*Required work*.
Retype the lines below exactly, but only those from the line that has "this 1700×1133 image." through the line that has "this 1334×1334 image.". Omit every picture.

*The data*.
^^^^^^^^^^^^^^^^
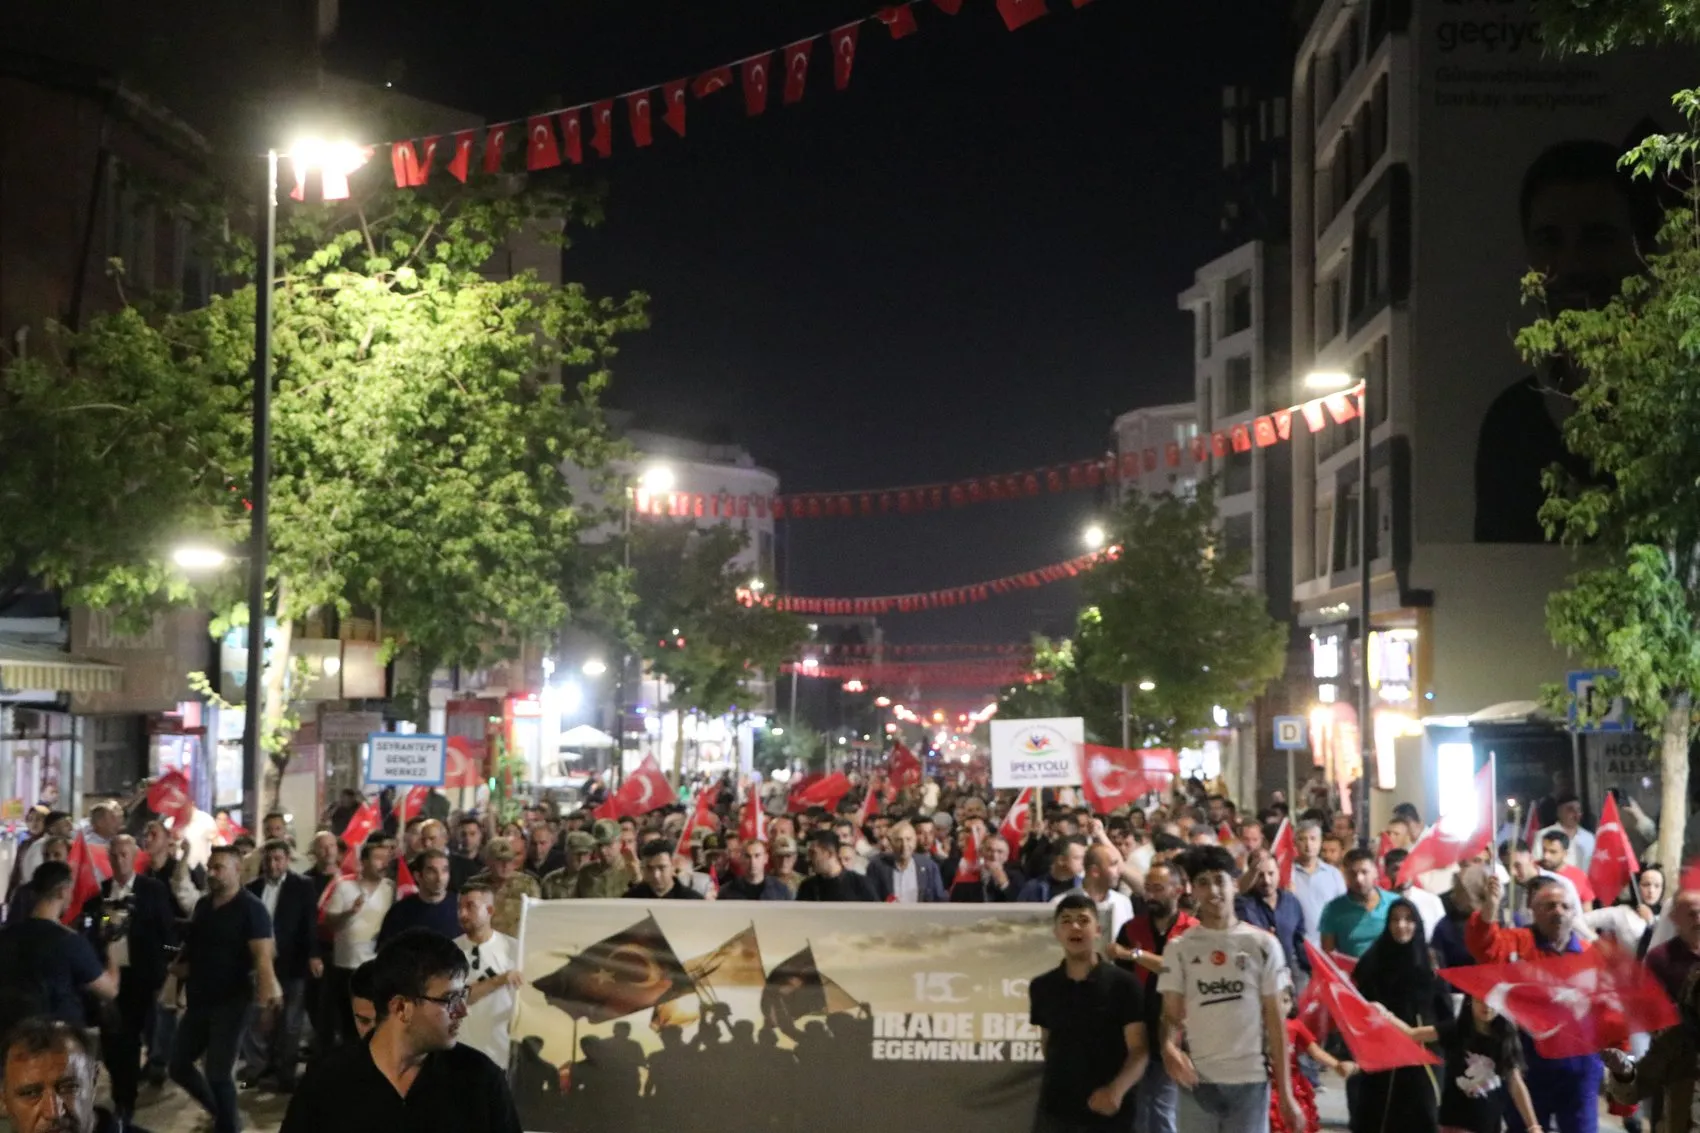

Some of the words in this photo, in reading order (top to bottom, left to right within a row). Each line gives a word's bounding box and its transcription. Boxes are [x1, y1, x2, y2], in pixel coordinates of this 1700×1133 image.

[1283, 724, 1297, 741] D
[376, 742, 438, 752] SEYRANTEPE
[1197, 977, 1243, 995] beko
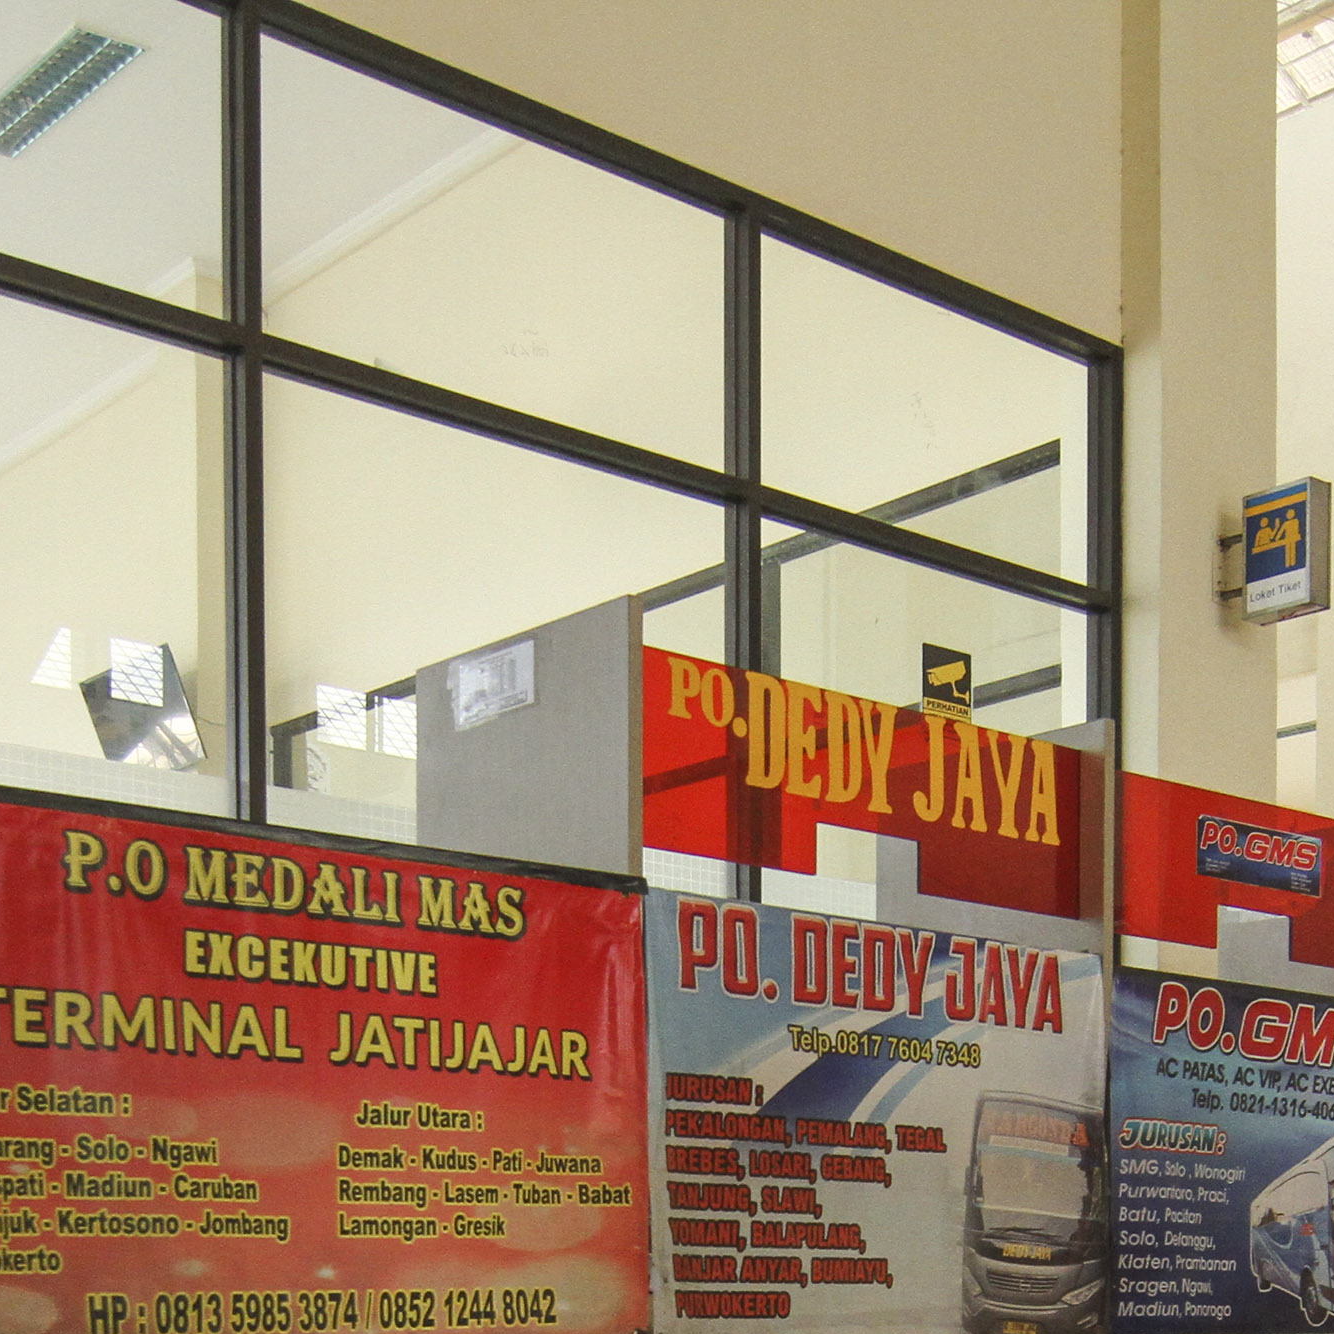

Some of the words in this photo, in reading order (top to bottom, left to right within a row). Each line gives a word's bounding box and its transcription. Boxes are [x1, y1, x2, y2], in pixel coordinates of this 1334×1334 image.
^^^^^^^^^^^^^^^^
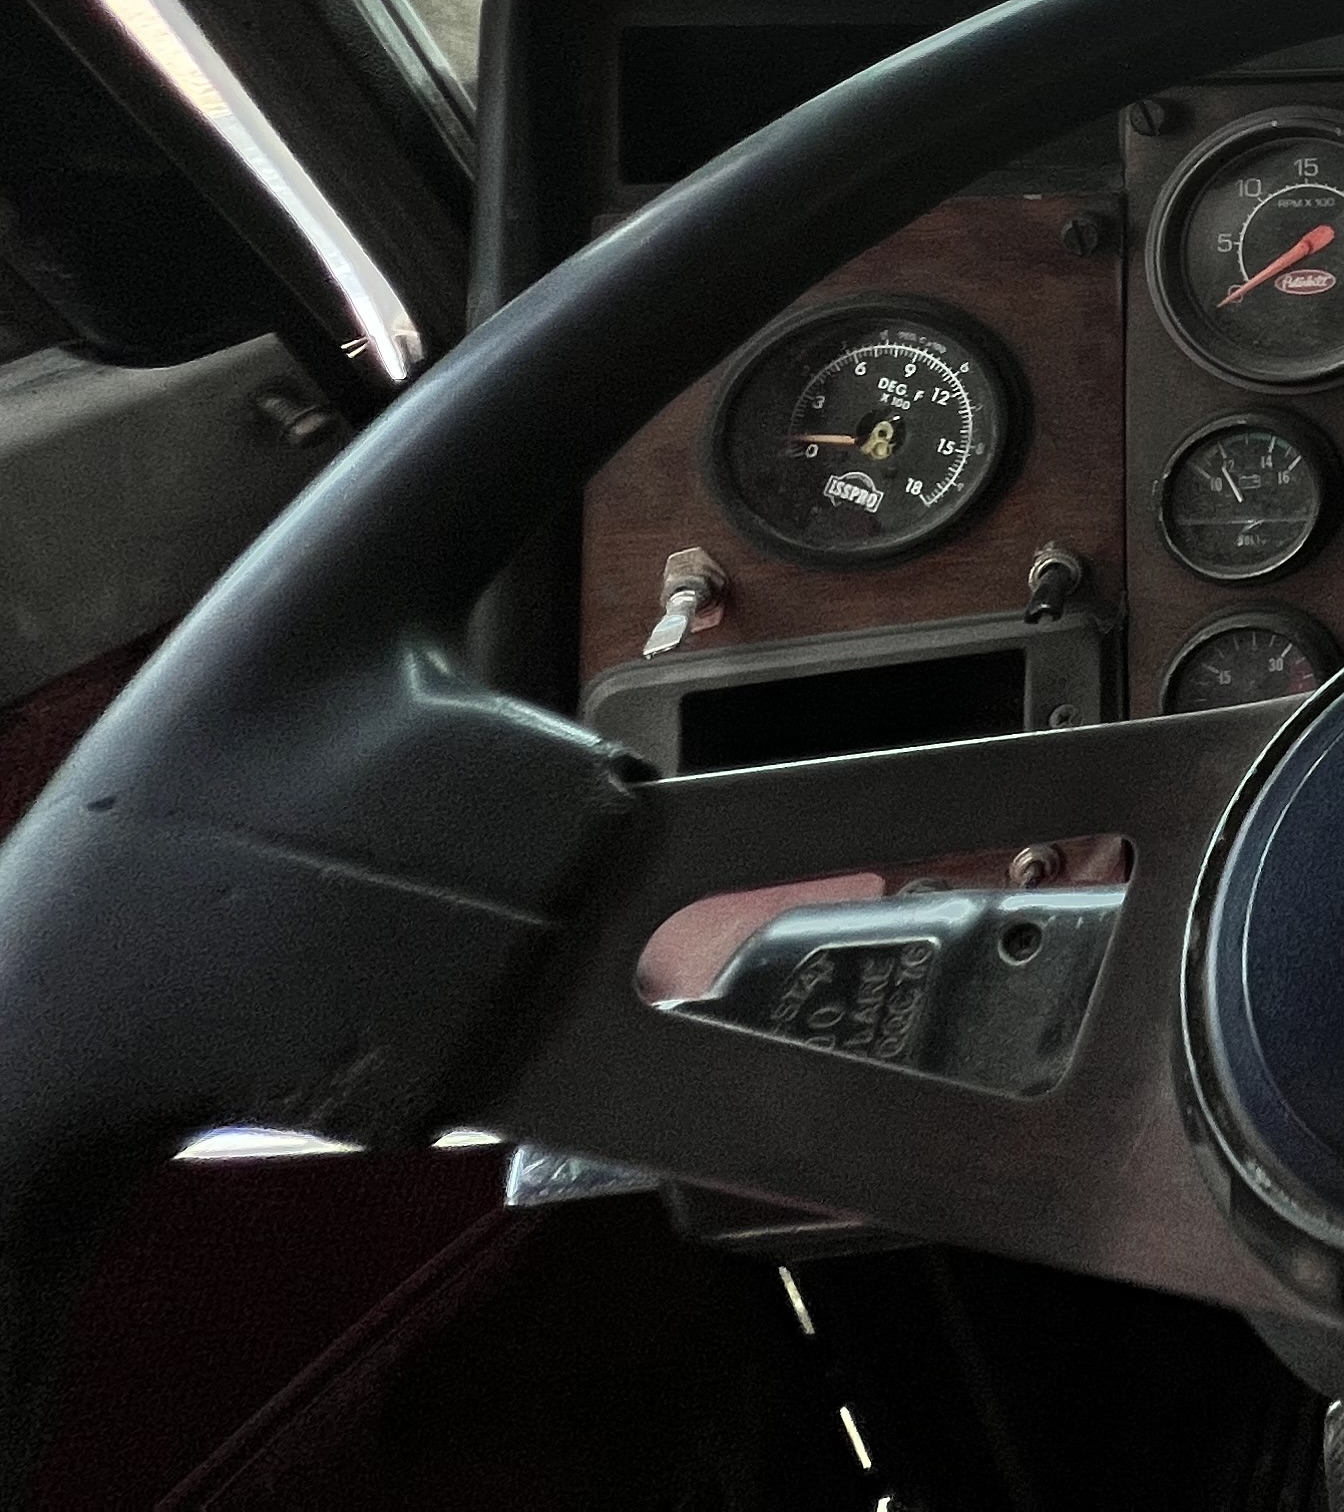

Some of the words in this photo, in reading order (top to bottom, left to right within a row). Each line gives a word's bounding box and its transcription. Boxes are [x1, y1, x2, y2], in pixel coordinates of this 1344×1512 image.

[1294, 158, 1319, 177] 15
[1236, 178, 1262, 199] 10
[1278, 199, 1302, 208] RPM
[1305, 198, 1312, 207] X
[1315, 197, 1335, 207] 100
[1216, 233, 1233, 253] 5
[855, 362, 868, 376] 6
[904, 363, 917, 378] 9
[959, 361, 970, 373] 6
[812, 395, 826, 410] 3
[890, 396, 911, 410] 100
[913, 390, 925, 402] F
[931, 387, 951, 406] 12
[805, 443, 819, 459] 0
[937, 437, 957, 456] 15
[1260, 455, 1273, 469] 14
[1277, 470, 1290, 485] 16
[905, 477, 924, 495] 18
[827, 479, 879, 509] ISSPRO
^^^^^^^^^^^^^^^^
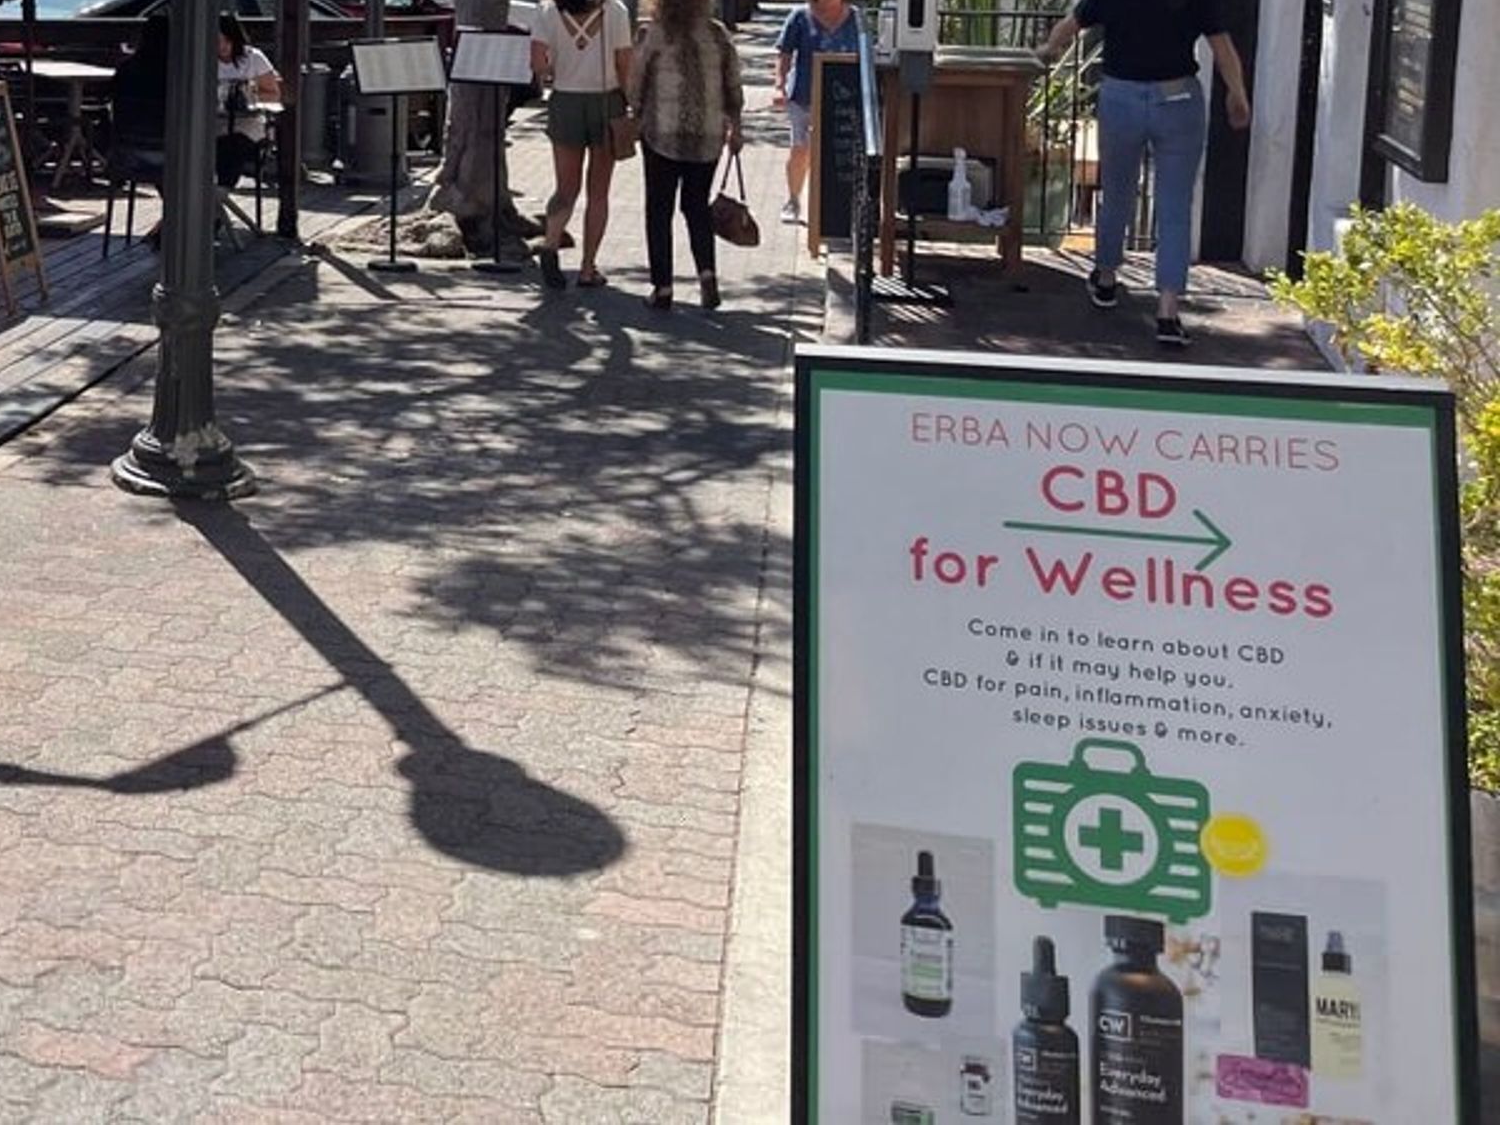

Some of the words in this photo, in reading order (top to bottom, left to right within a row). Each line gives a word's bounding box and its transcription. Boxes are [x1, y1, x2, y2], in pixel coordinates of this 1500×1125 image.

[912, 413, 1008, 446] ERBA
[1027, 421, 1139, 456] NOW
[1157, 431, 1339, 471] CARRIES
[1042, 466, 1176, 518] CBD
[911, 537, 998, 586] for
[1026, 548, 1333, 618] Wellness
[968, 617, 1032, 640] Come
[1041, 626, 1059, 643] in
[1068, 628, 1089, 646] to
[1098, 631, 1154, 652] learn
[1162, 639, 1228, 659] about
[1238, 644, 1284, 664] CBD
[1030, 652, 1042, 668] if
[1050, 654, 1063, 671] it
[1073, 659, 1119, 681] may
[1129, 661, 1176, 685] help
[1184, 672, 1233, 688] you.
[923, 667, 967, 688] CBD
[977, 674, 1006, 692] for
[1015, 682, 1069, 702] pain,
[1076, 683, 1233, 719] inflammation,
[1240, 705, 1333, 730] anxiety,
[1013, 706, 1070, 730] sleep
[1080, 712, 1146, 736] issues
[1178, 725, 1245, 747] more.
^^^^^^^^^^^^^^^^
*Exercise output*.
Some of the words in this photo, in reading order (top to bottom, left to right within a row). Each line gives a word's bounding box and its transcription. Boxes are [x1, y1, x2, y2], in pixel coordinates of this 1700×1133 image.

[1283, 724, 1297, 741] D
[376, 742, 438, 752] SEYRANTEPE
[1197, 977, 1243, 995] beko

Some of the words in this photo, in reading order (top to bottom, left to right within a row). Each line gives a word's bounding box and its transcription. Boxes are [x1, y1, x2, y2], in pixel coordinates of this 1334×1334 image.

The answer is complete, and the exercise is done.